Don’t leave your cellphone on
A symphonic performance is an immersive experience, but audience members can easily become distracted and unable to focus on the show when those around them use cell phones and other electronic devices. To avoid the risk of spoiling the performance for yourself and others, turn your cell phone off completely before the show begins, and check for messages during intermission, if needed. If you are a professional who works in emergency medicine or need to have your phone turned on for any reason, many concert halls are happy to have an usher hold your device for you and quietly alert you in the event that you receive any urgent calls or messages.
Do wear comfortable clothes
Traditionally, symphony musicians have been required to wear formal black tie or white tie dress. The audience, however, is free to dress in any manner they choose, in most cases. While the dress code may vary depending on the standards set by individual concert halls, many establishments simply suggest that guests wear clothing that is comfortable. Many people see symphonic performances as a special occasion and an opportunity to dress in more refined clothing than usual, with many opting for business casual or cocktail party-style dress. Always check with the concert hall ahead of time in order to ensure there are no specific clothing requirements. Otherwise, you should dress in clothes that make you feel positive and that will not be uncomfortable to sit in for several hours.

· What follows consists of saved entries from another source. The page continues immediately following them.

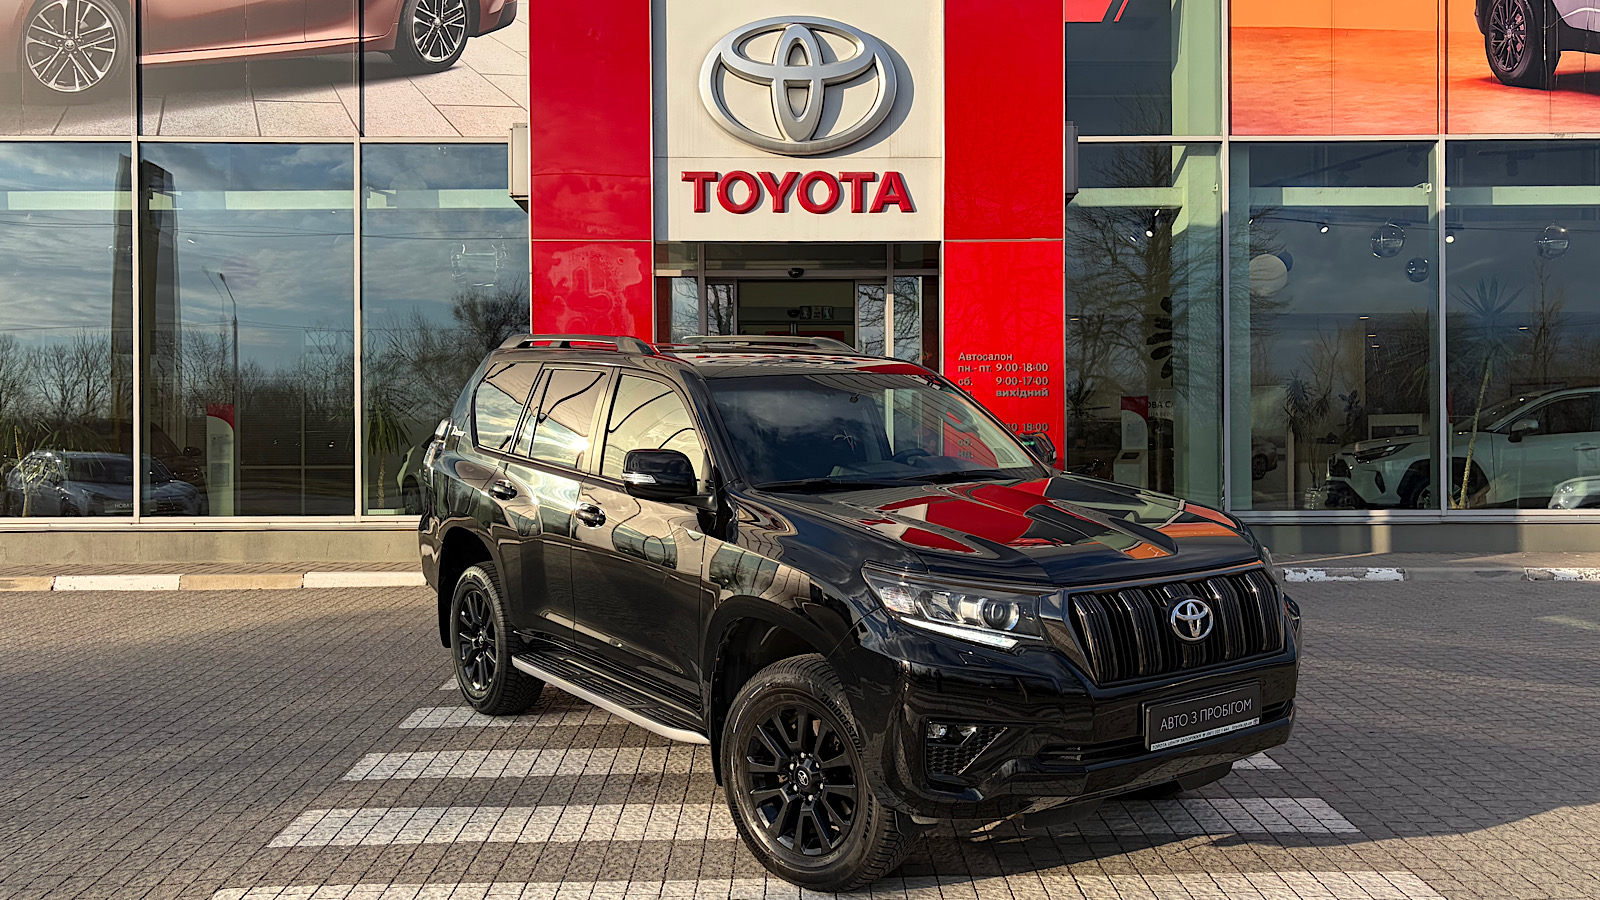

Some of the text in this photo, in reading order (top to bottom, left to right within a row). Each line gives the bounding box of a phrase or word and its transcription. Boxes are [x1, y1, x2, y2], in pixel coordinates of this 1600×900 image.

[681, 170, 916, 214] TOYOTA
[958, 352, 1014, 361] Автосалон
[958, 377, 974, 386] сб.
[996, 387, 1049, 398] вихідний
[957, 437, 973, 446] сб.
[1160, 698, 1252, 731] АВТО З ПРОБІГОМ

Don’t distract others from the performance
Once a performance begins, it is crucial that audience members refrain from any activities that may cause a disturbance or distract other patrons. The acoustics of most symphony halls are designed to naturally amplify the sounds of the instruments. An unfortunate side effect is that the acoustics may also make even the smallest sounds seem much louder than normal. While the musicians are playing, you should try to avoid coughing, unwrapping candy or cough drops, singing, humming, or frequently shifting in your seat. Above all, it is of vital importance that you refrain from talking during a concert, even at a whisper. Talking is considered to be poor manners and is disrespectful to both the musicians playing the instruments and the audience members around you.
Do clap at the appropriate moments
The first time you attend the symphony, it can be challenging to try to identify the appropriate moments to clap. In general, applause is expected only after the completion of a full piece of music, which can be difficult to discern, as most full pieces are broken down into smaller segments known as “movements.” During a performance, there may be a quick break of 15 to 30 seconds between each movement, and the audience is only expected to clap after the last one, when the piece truly ends. You may be able to identify when to clap by following along with these movements in the symphony program. If you remain unsure of when to applaud, it is best to follow the lead of the other patrons and join in with the rest of the audience after the applause begins.

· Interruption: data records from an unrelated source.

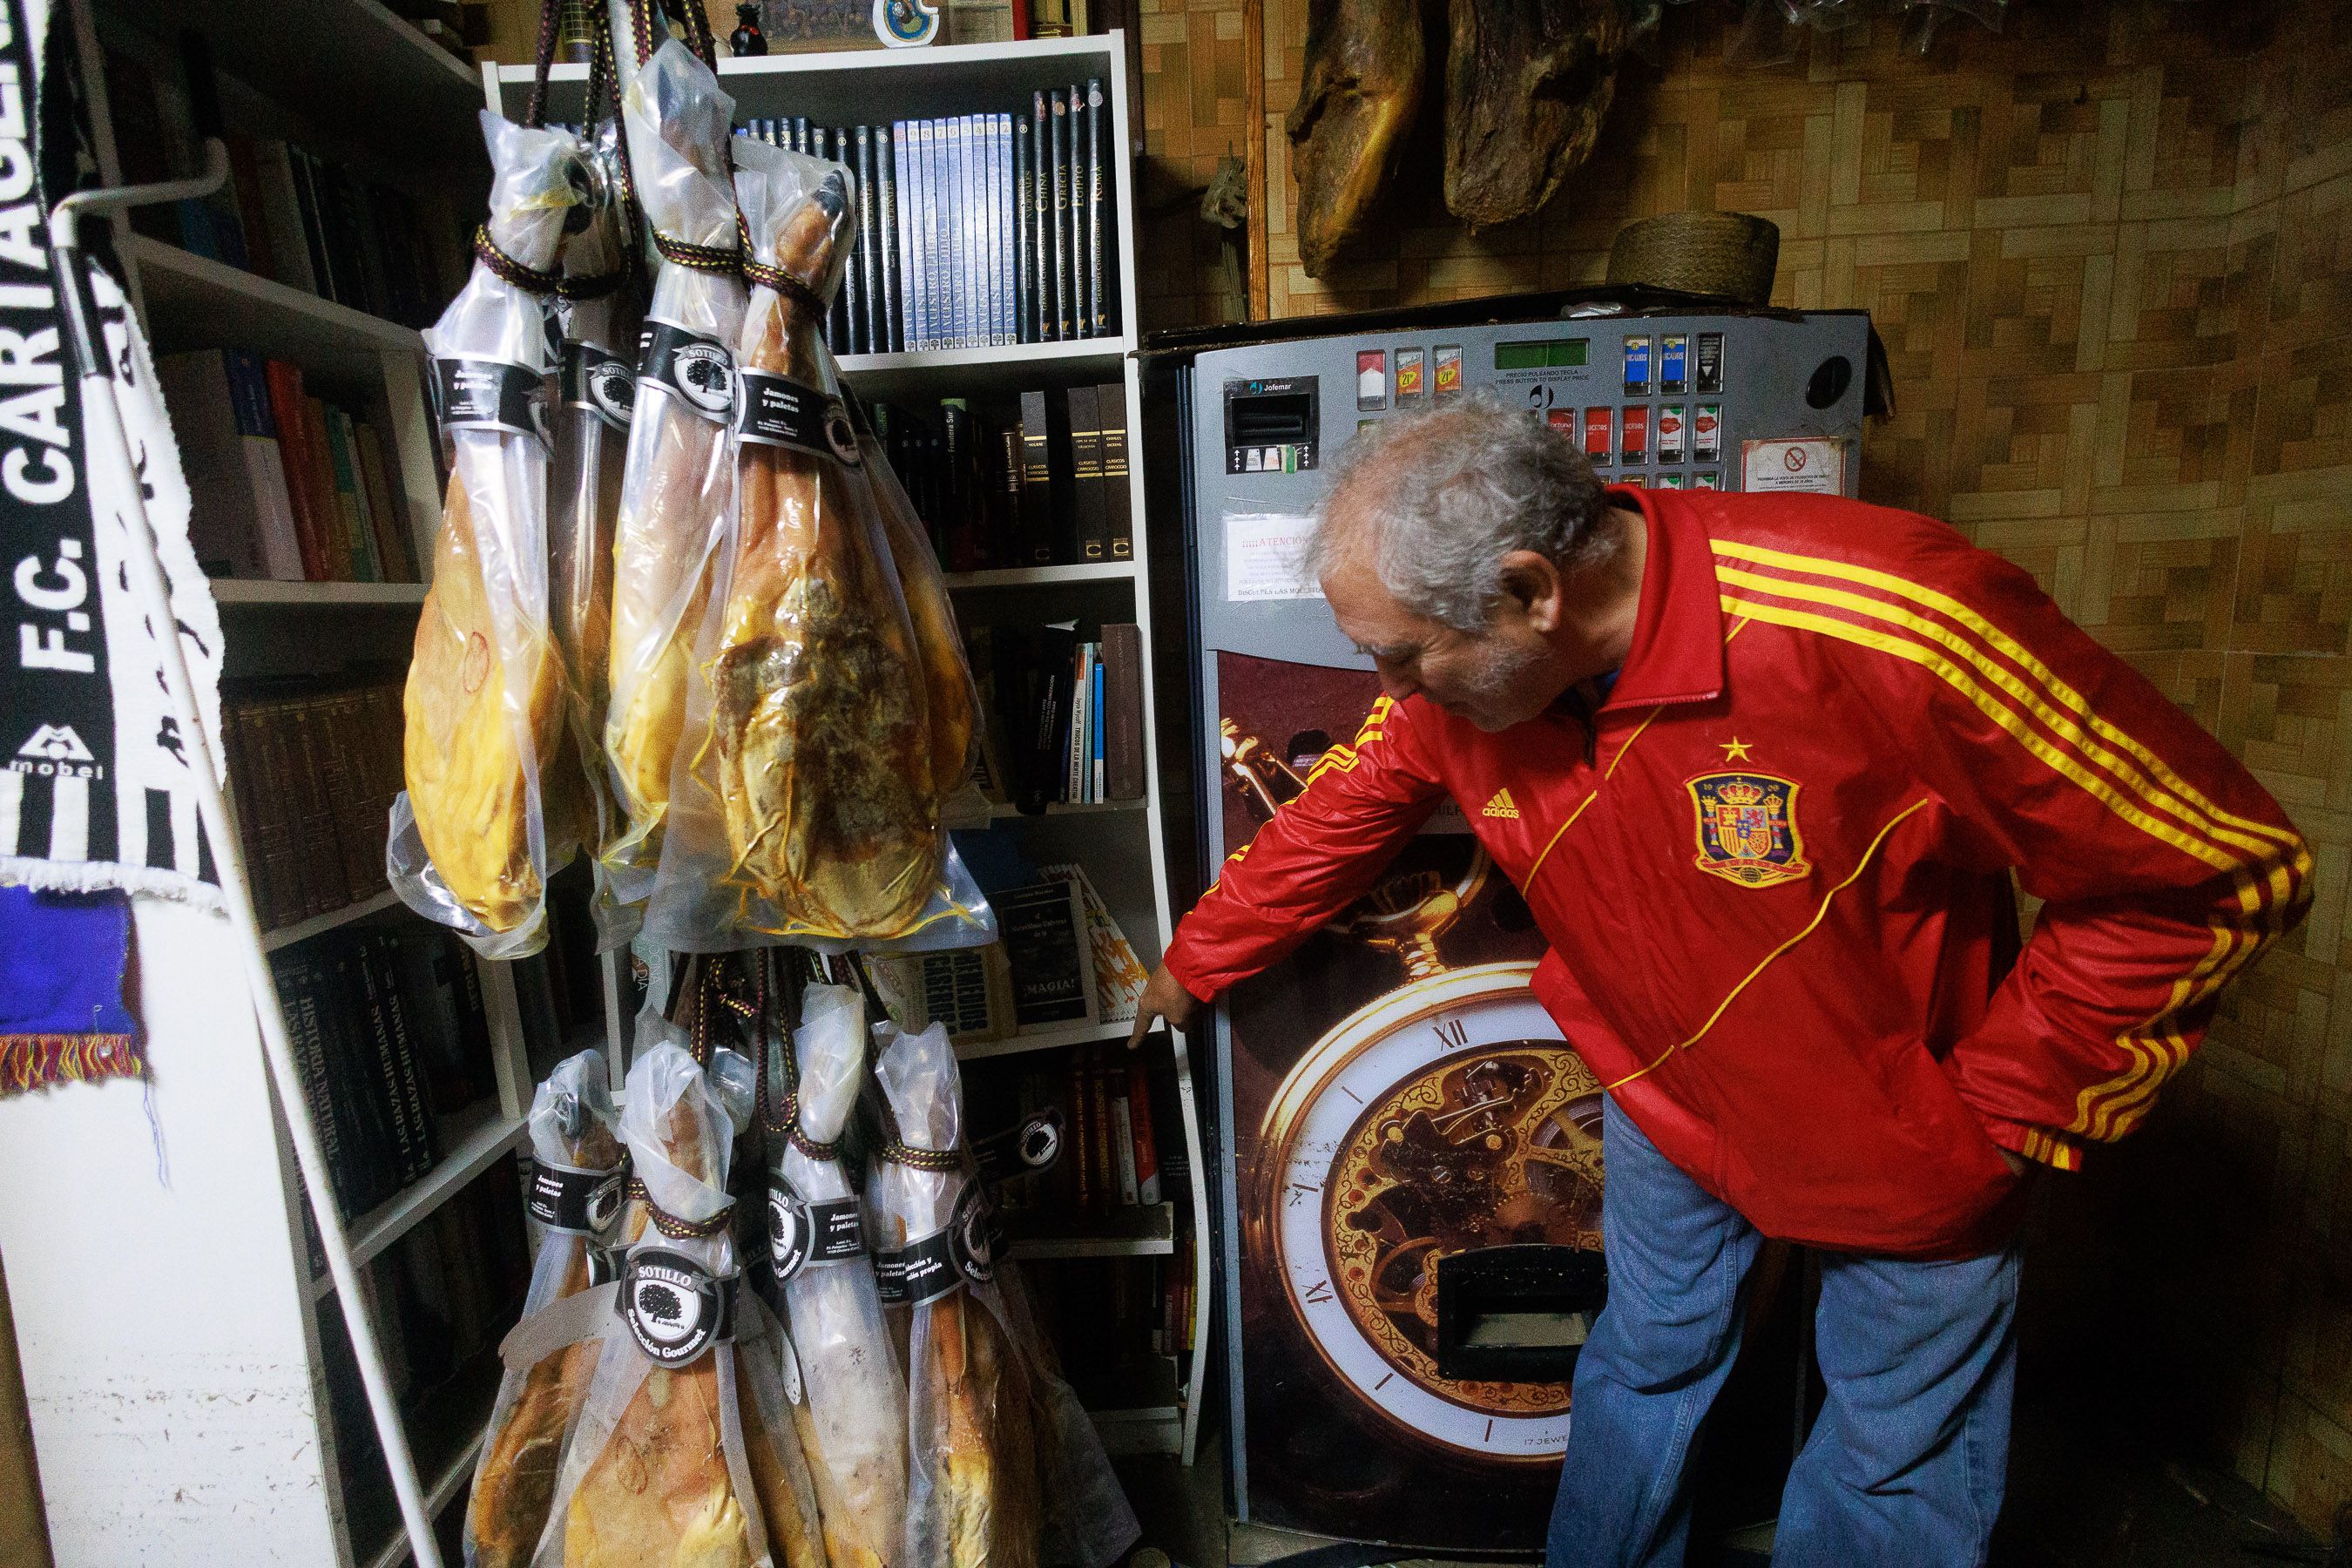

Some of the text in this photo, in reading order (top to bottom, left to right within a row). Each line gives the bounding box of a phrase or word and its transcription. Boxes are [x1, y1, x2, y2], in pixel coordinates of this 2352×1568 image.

[1035, 172, 1048, 212] CHINA
[1057, 165, 1068, 209] GRECIA
[1072, 165, 1084, 208] EGIPTO
[1090, 166, 1103, 202] ROMA
[928, 272, 938, 328] VUESTRO
[941, 270, 951, 327] VUESTRO
[763, 387, 800, 402] Jamones
[770, 401, 800, 413] paletas
[947, 424, 956, 453] Frontera
[12, 538, 95, 673] F.C.
[9, 759, 103, 780] mobel
[1482, 807, 1519, 819] adidas
[1432, 1019, 1469, 1051] XII
[298, 997, 327, 1079] HISTORIA
[313, 1078, 341, 1160] NATURAL
[371, 1004, 411, 1155] LAS RAZAS HUMANAS
[389, 995, 426, 1142] LAS RAZAS HUMANAS
[537, 1174, 564, 1188] Jamones
[539, 1186, 562, 1198] paletas
[830, 1212, 858, 1221] Jamones
[837, 1221, 859, 1232] paletas
[639, 1266, 692, 1287] SOTILLO
[920, 1261, 943, 1278] propia
[628, 1308, 706, 1359] Selección Gourmet

Don’t take pictures during the performance
While this is not always the case, most concert halls ask guests to leave their cameras and video cameras at home. Using a camera or a recording device during the performance takes you out of the moment and prevents you from enjoying the music the way that the conductor intends. It can also be yet another distraction to those around you.
Do take advantage of intermission
When the concert has an intermission, you should take the opportunity to use the restroom, speak briefly to others, and purchase refreshments. Using these 15 to 20 minutes wisely will reduce the likelihood that you will need to get up from your seat during the second half of the performance. Additionally, it will mentally refresh you so that you are better able to concentrate on the rest of the concert. Be on the lookout for signs that the intermission is nearing its end, such as flashing lobby lights or the doors to the concert hall being reopened. Make sure to head back to your seat as soon as you see these signs out of respect for the performers and the other audience members.